Figure 5.. Treg Srsf1-HET mice exhibit peripheral immune cell activation

(A) Plots show CD4⁺CD25⁺Foxp3⁺ Treg cells in spleen and MLN from WT and Treg Srsf1-HET (Foxp3^YFP-creSrsf1^flox/+) mice. (B) Graphs show frequencies of CD4⁺CD25⁺Foxp3⁺ Treg cells among CD4 T cells in spleen and MLN (spleen: n = 10 WT and n = 11 HET; MLN: n = 12 WT and n = 13 HET). (C) Plots show CD4⁺CD69⁺ cells in MLN from WT and Treg Srsf1-HET mice. (D) Graph shows the percentage of CD4⁺CD69⁺ cells among CD4 T cells in MLN from 36- to 52-week-old WT and Treg Srsf1-HET mice (n = 7 each). (E) Plots show GL7⁺Fas⁺ GC B cells gated on live B cells in spleen from WT and HET mice. (F) Graph shows the percentage of GC B cells (n = 8 each). *p < 0.05; **p < 0.005; and n.s., no significant difference, unpaired t test (B, D, and F); mean ± SEM.

Figure 6.. Srsf1-deficient Treg cells display an aberrant transcriptomics profile

Total T cells were isolated from spleens of 8- to 10-week-old WT and T cell Srsf1-KO mice (n = 3 each). Natural Treg (nTreg) cells (CD4⁺CD25⁺CD127^lo) were sorted by flow cytometry. nTreg cells were stimulated with anti-CD3, anti-CD28, and recombinant (r)IL-2 for 72 h. (A) RNA-sequencing data analysis shows differentially expressed (DE) genes with log₂fold change (FC) differences at p < 0.05. (B) Volcano plot showing upregulated and downregulated genes in KO nTreg cells. (C) Table shows top pathways with gene counts identified by Gene Ontology (GO) term enrichment analysis of DE genes. (D) GO terms enrichment map shows clusters of top 50 pathways. The size of red circles indicates the number of genes within a pathway, and color represents p values relative to the other displayed terms.

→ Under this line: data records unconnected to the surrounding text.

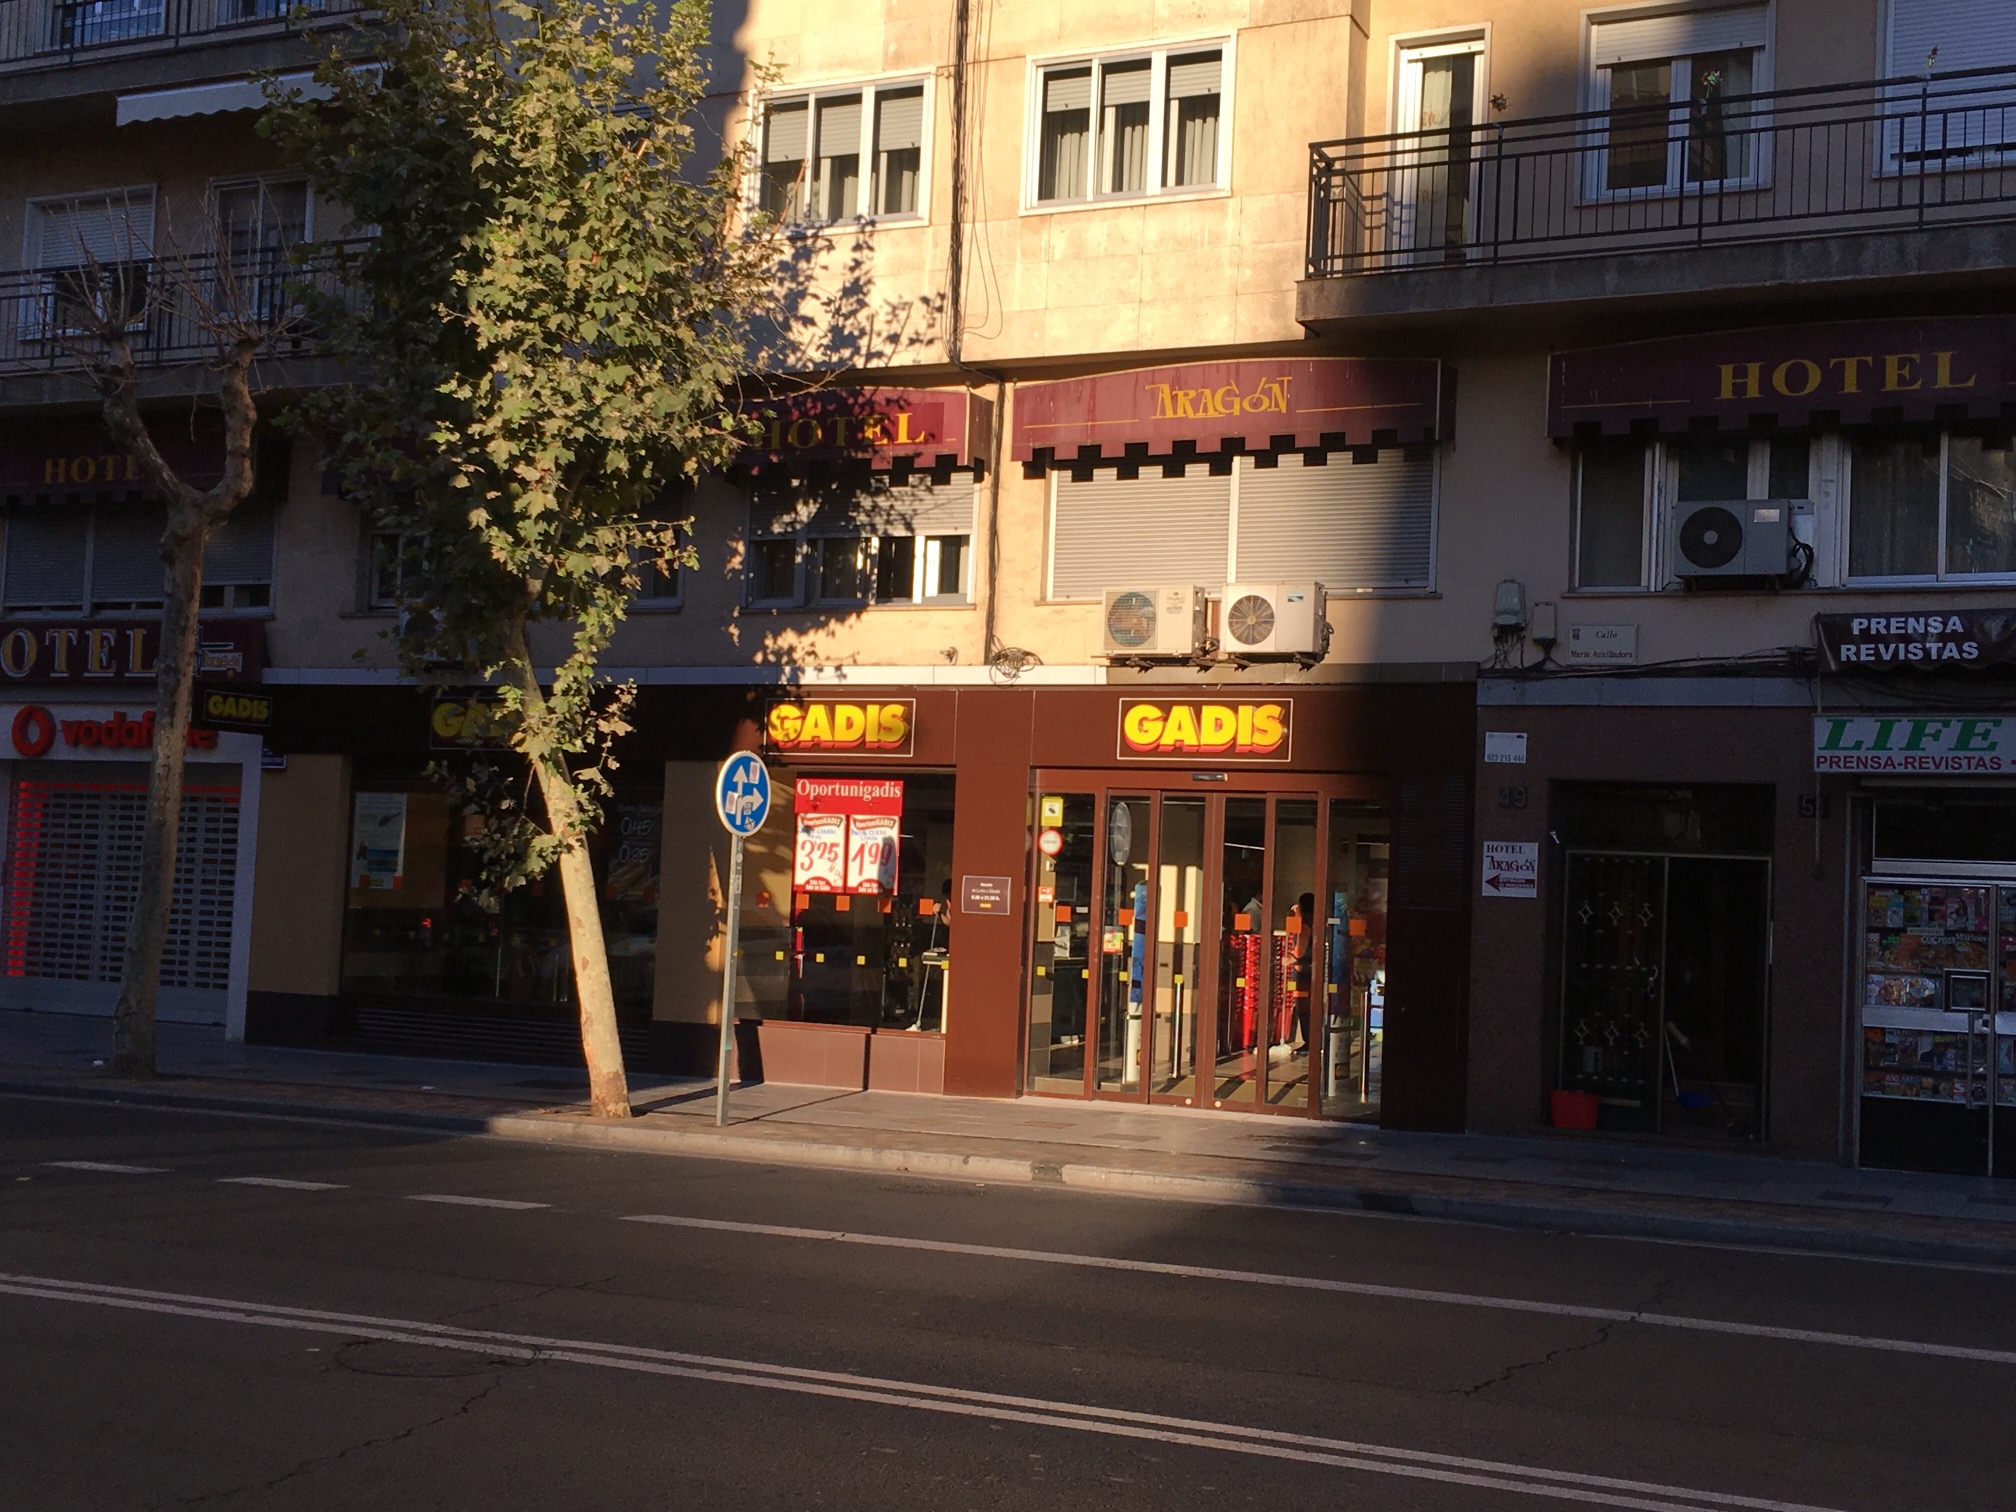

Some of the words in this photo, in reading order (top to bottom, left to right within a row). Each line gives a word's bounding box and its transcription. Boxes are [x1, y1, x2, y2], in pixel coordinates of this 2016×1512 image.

[1714, 351, 1976, 400] HOTEL
[1145, 377, 1292, 419] ARAGÓN
[750, 411, 926, 450] HOTEL
[1596, 630, 1618, 639] Calle
[1852, 616, 1964, 635] PRENSA
[1840, 642, 1979, 661] REVISTAS
[207, 694, 270, 721] GADIS
[60, 711, 219, 748] vodafe
[767, 704, 909, 748] GADIS
[1123, 704, 1287, 753] GADIS
[1818, 719, 2003, 751] LIFE
[1816, 755, 2002, 771] PRENSA-REVISTAS
[797, 779, 902, 801] Oportunigadis
[1500, 787, 1527, 807] 49
[1486, 844, 1526, 854] HOTEL

Outlines (added manually) indicate groups of similar GO terms. (E) Heatmap showing average expression of selected DE genes associated with T cell differentiation, cytokines, and chemokines.

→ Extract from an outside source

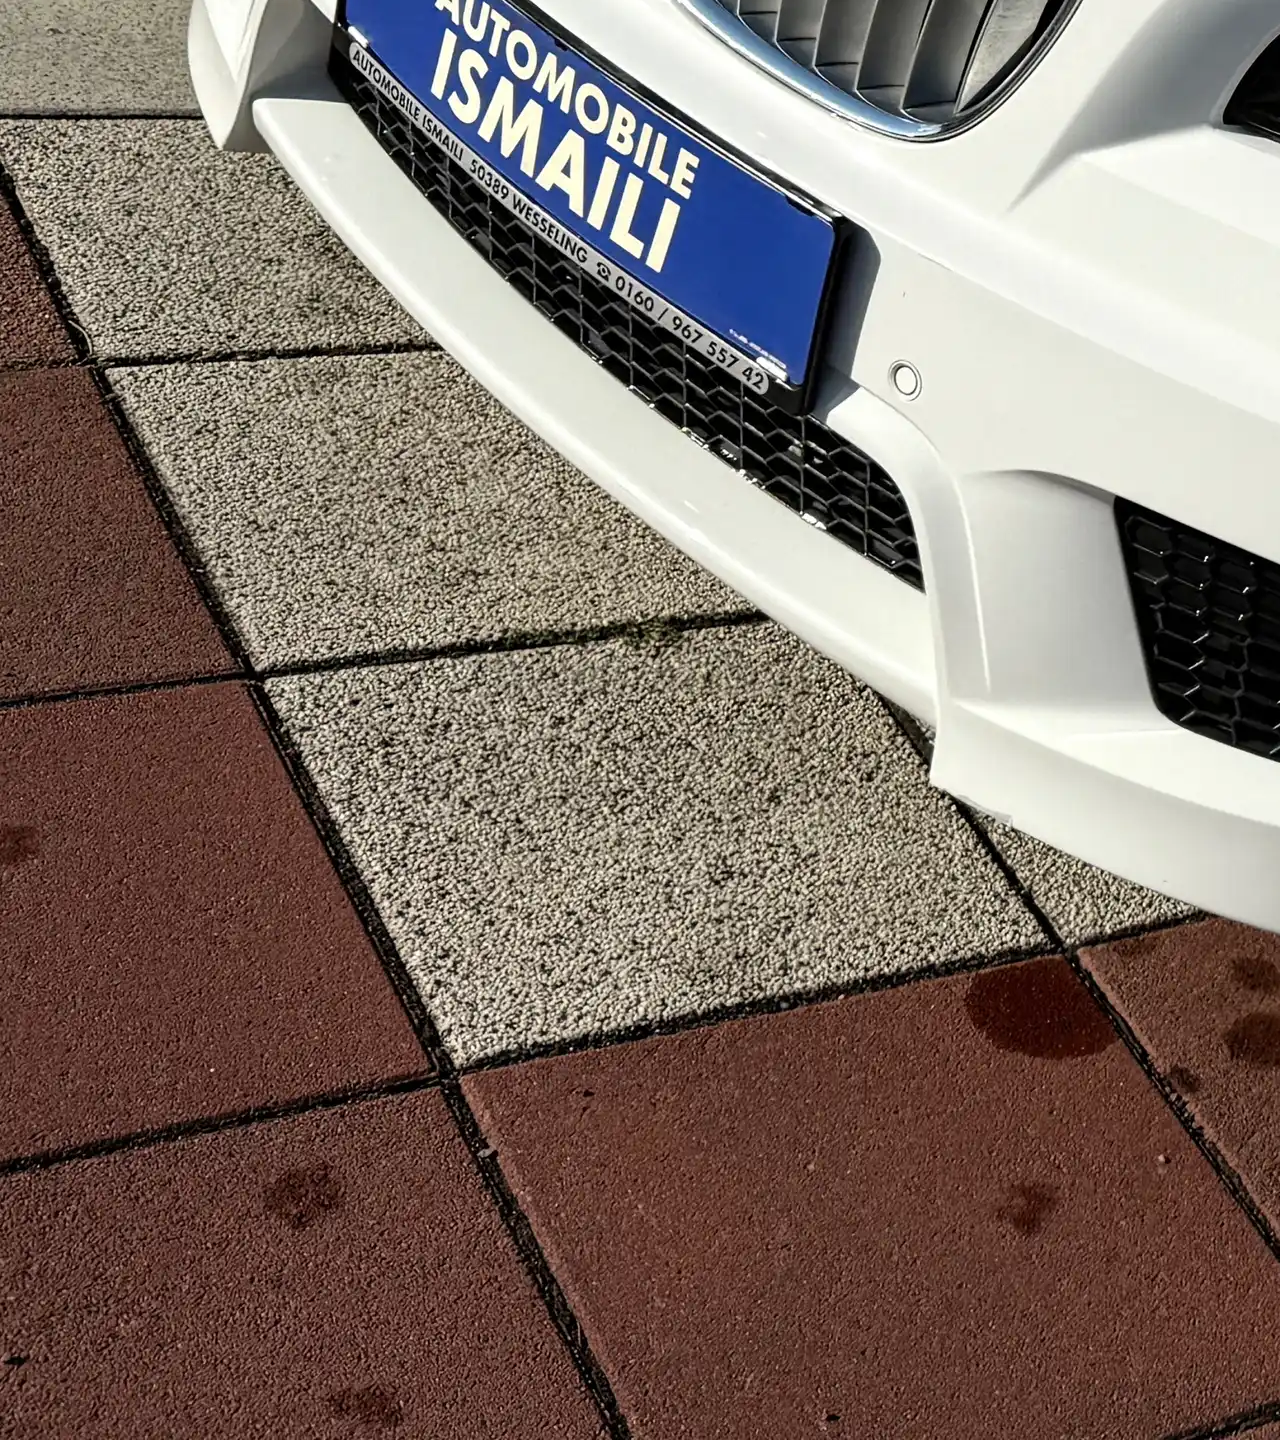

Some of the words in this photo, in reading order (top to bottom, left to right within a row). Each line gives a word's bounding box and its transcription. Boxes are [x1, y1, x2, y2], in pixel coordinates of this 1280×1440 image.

Figure 7.. Srsf1 deficiency leads to Treg cell plasticity with hyper-glycolytic metabolism and acquisition of an aberrant proinflammatory phenotype rescued by rapamycin

(A–H) Naive CD4 T cells were isolated from spleens of mice and cultured under Treg polarized condition for 72 h to generate induced Treg (iTreg) cells. (A) After 72 h, cells were stimulated with PMA and ionomycin with monensin, followed by surface and intracellular cytokine staining for flow cytometry. Plots show IL-17, IFN-γ, and IL-4 staining gated on CD4⁺CD25⁺Foxp3⁺ Treg cells. (B) Graphs show the percentage of cytokine-producing cells among CD4⁺CD25⁺Foxp3⁺ Treg cells (n = 5 each). (C) Glycolysis by induced Treg cells from WT and T cell Srsf1-KO mice was measured using extracellular acidification rate (ECAR) with injections glucose, oligomycin, and 2-Deoxyglucose (DG). Cells were counted for normalization. (D) Graph shows maximum glycolysis capacity calculated by subtracting the last measurement after 2-DG injection from the measurement before 2-DG injection (n = 6 each). (E) After 72-h polarization, additional stimulation with anti-CD3 (10 μg/mL) and anti-CD28 (10 μg/mL) for 5 min was performed. Total protein was immunoblotted for pS6 and total S6. Graph shows relative densitometry quantitation of pS6 and S6 (n = 7 each). (F) After 72-h polarization, iTreg cells were cultured for 4 h with PMA plus ionomycin with or without rapamycin (10 nM). Cells were collected, surface stained, fixed, and permeabilized for intracellular cytokine staining. Plots show IFN-γ intracellular staining gated on live Treg cells. (G) Graphs show average data from n = 4 mice in four independent experiments. *p < 0.05; and n.s., no significant difference, unpaired t test (B and E) or one-way ANOVA with Tukey’s correction (G); mean ± SEM.